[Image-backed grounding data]
▼

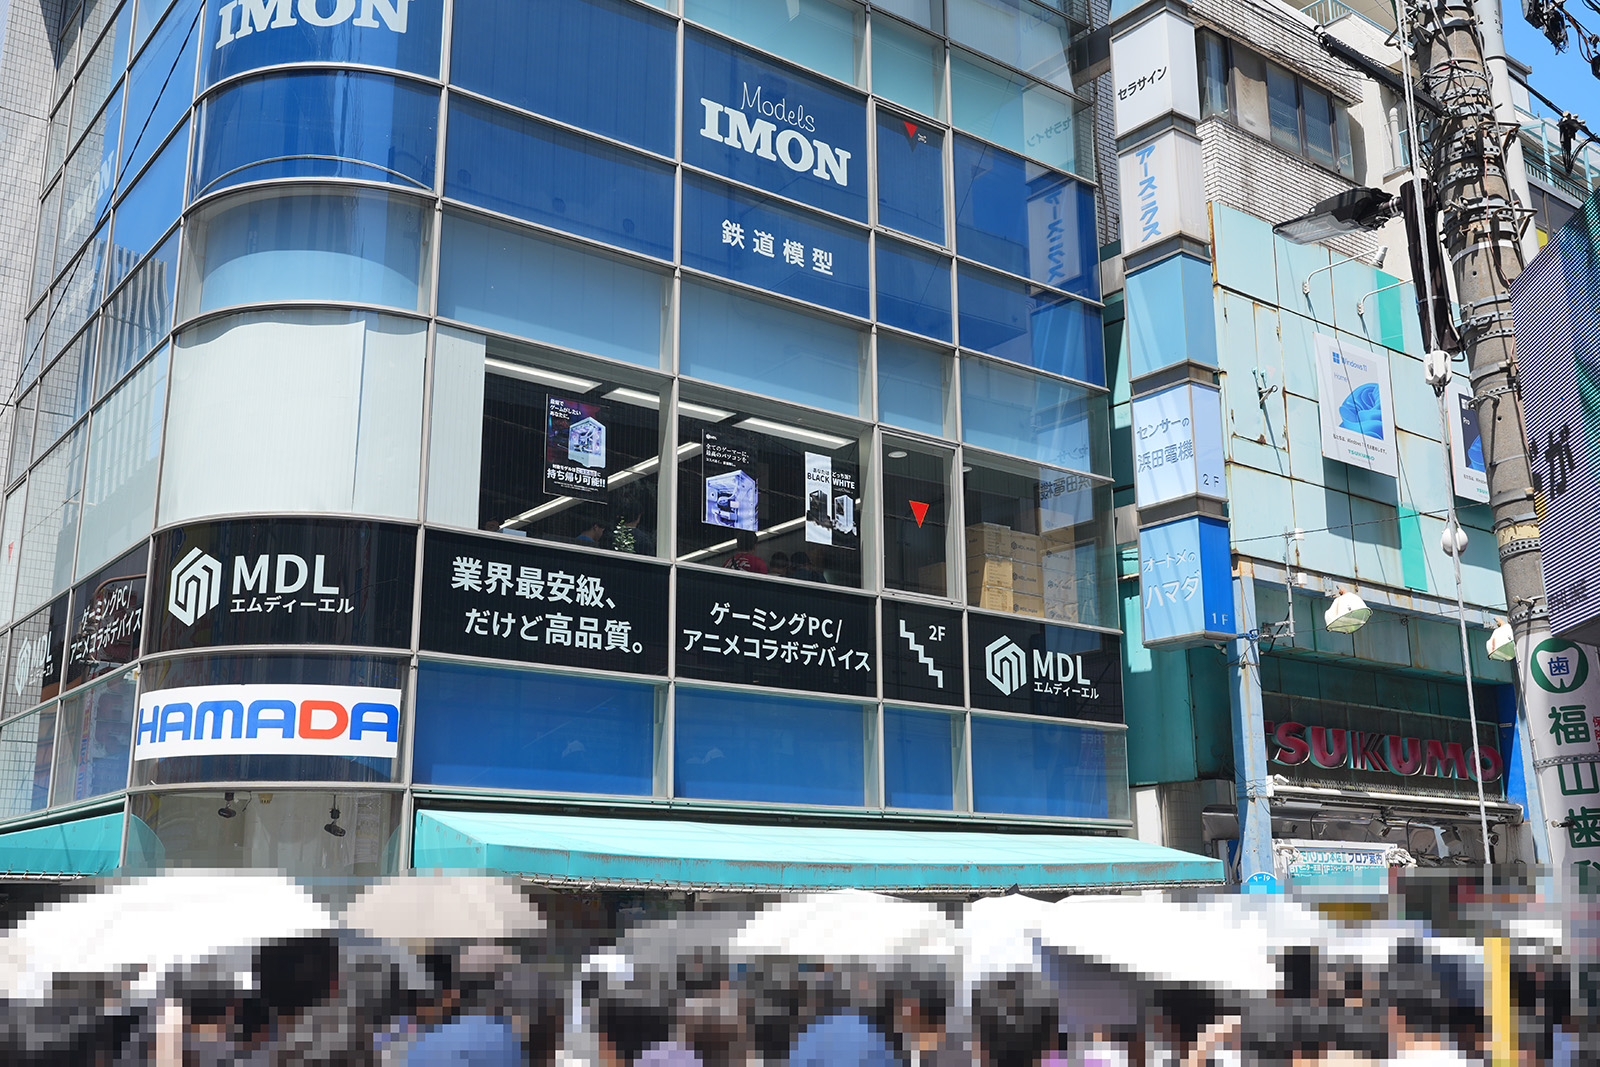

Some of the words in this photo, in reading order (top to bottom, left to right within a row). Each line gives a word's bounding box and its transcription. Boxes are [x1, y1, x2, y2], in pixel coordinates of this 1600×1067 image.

[1118, 66, 1167, 101] セラサイン
[741, 82, 816, 132] Models
[700, 98, 851, 186] IMON
[722, 219, 833, 275] 鉄道模型
[1137, 417, 1190, 441] センサーの
[1137, 439, 1194, 473] 浜田電機
[1348, 449, 1375, 461] TSUKUMO
[807, 472, 829, 484] BLACK
[832, 478, 855, 490] WHITE
[232, 553, 339, 595] MDL
[1143, 549, 1196, 572] オートメの
[451, 555, 616, 609] 業界最安級、
[1145, 570, 1201, 610] ハマダ
[230, 596, 354, 614] エムディーエル
[710, 602, 843, 643] ゲーミングPC/
[1212, 612, 1228, 625] 1F
[464, 608, 643, 655] だけど高品質。
[929, 625, 946, 642] 2F
[31, 631, 52, 669] MDL
[682, 627, 871, 673] アニメコラボデバイス
[1033, 649, 1091, 685] MDL
[1548, 656, 1570, 677] 歯
[1034, 681, 1099, 699] エムディーエル
[137, 699, 399, 745] HAMADA
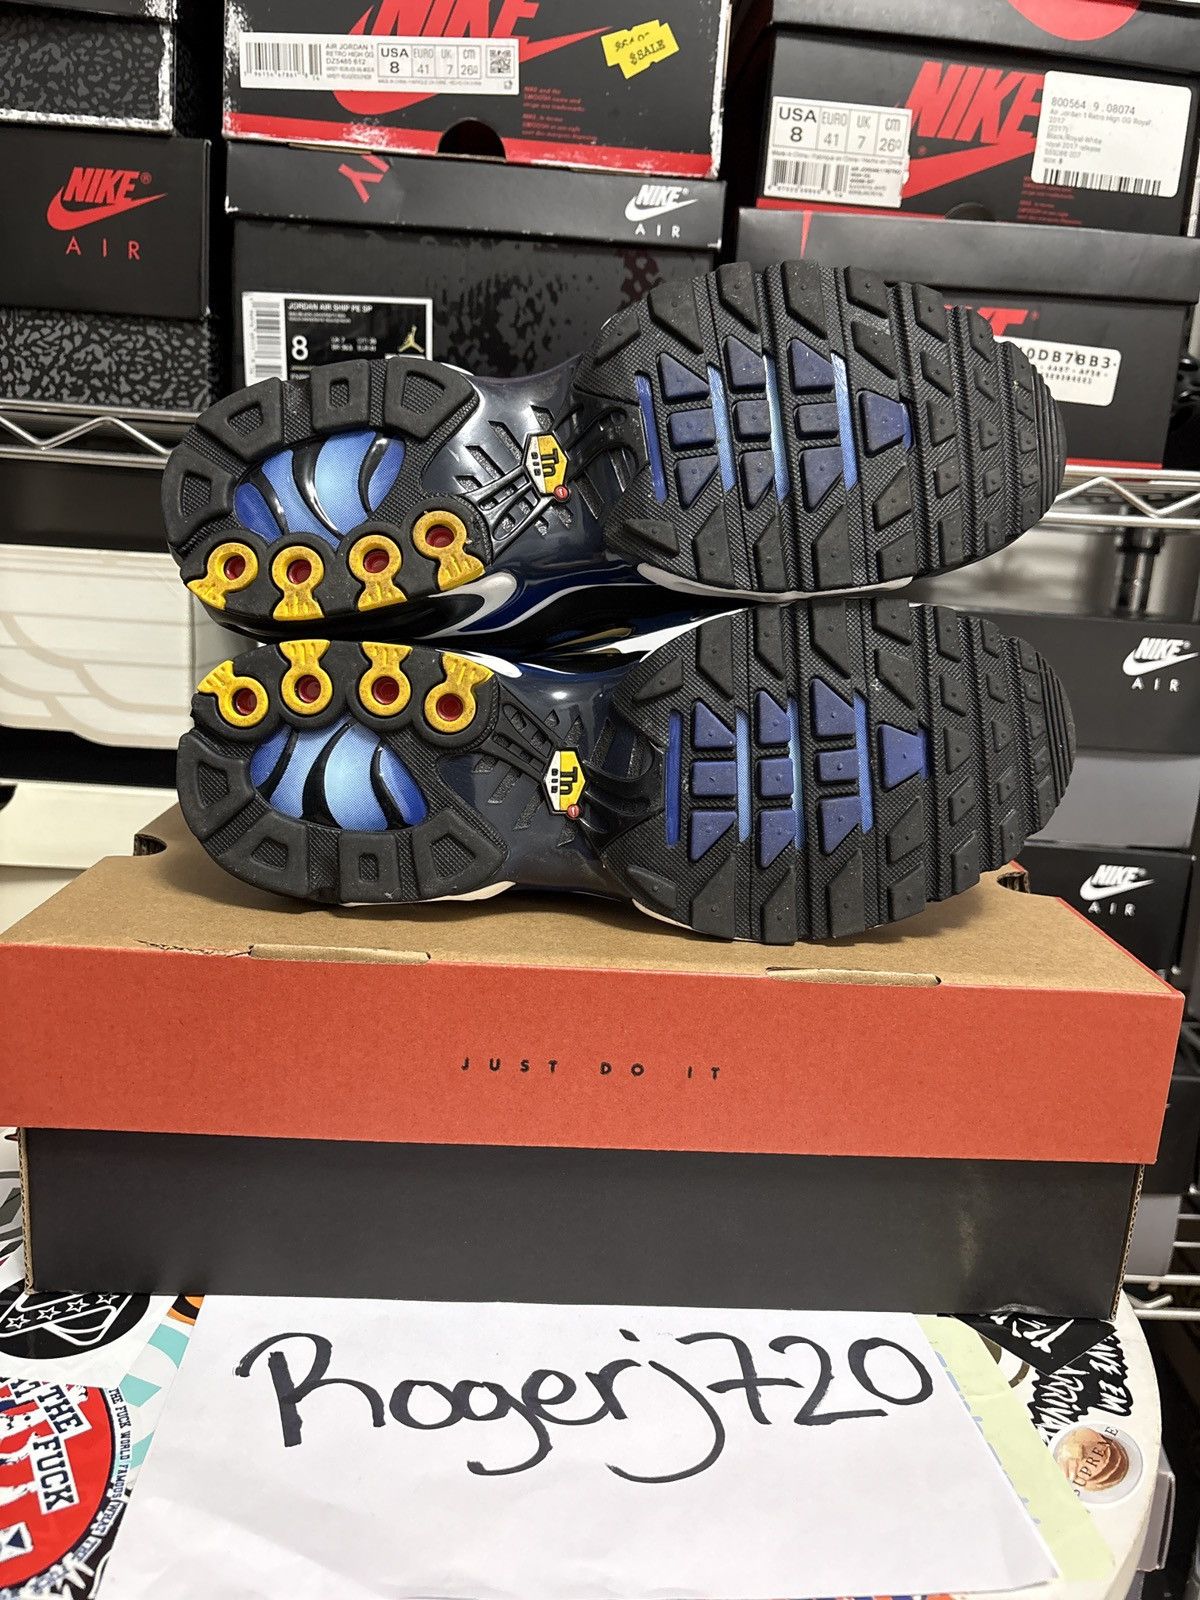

▲

→ Your goal:
Without copying any picture, repeat all of the entries exactly.

→ Your response:
Some of the words in this photo, in reading order (top to bottom, left to right within a row). Each line gives a word's bounding box and its transcription. Boxes are [x1, y1, x2, y2], in pixel coordinates of this 1600×1067 image.

[1118, 66, 1167, 101] セラサイン
[741, 82, 816, 132] Models
[700, 98, 851, 186] IMON
[722, 219, 833, 275] 鉄道模型
[1137, 417, 1190, 441] センサーの
[1137, 439, 1194, 473] 浜田電機
[1348, 449, 1375, 461] TSUKUMO
[807, 472, 829, 484] BLACK
[832, 478, 855, 490] WHITE
[232, 553, 339, 595] MDL
[1143, 549, 1196, 572] オートメの
[451, 555, 616, 609] 業界最安級、
[1145, 570, 1201, 610] ハマダ
[230, 596, 354, 614] エムディーエル
[710, 602, 843, 643] ゲーミングPC/
[1212, 612, 1228, 625] 1F
[464, 608, 643, 655] だけど高品質。
[929, 625, 946, 642] 2F
[31, 631, 52, 669] MDL
[682, 627, 871, 673] アニメコラボデバイス
[1033, 649, 1091, 685] MDL
[1548, 656, 1570, 677] 歯
[1034, 681, 1099, 699] エムディーエル
[137, 699, 399, 745] HAMADA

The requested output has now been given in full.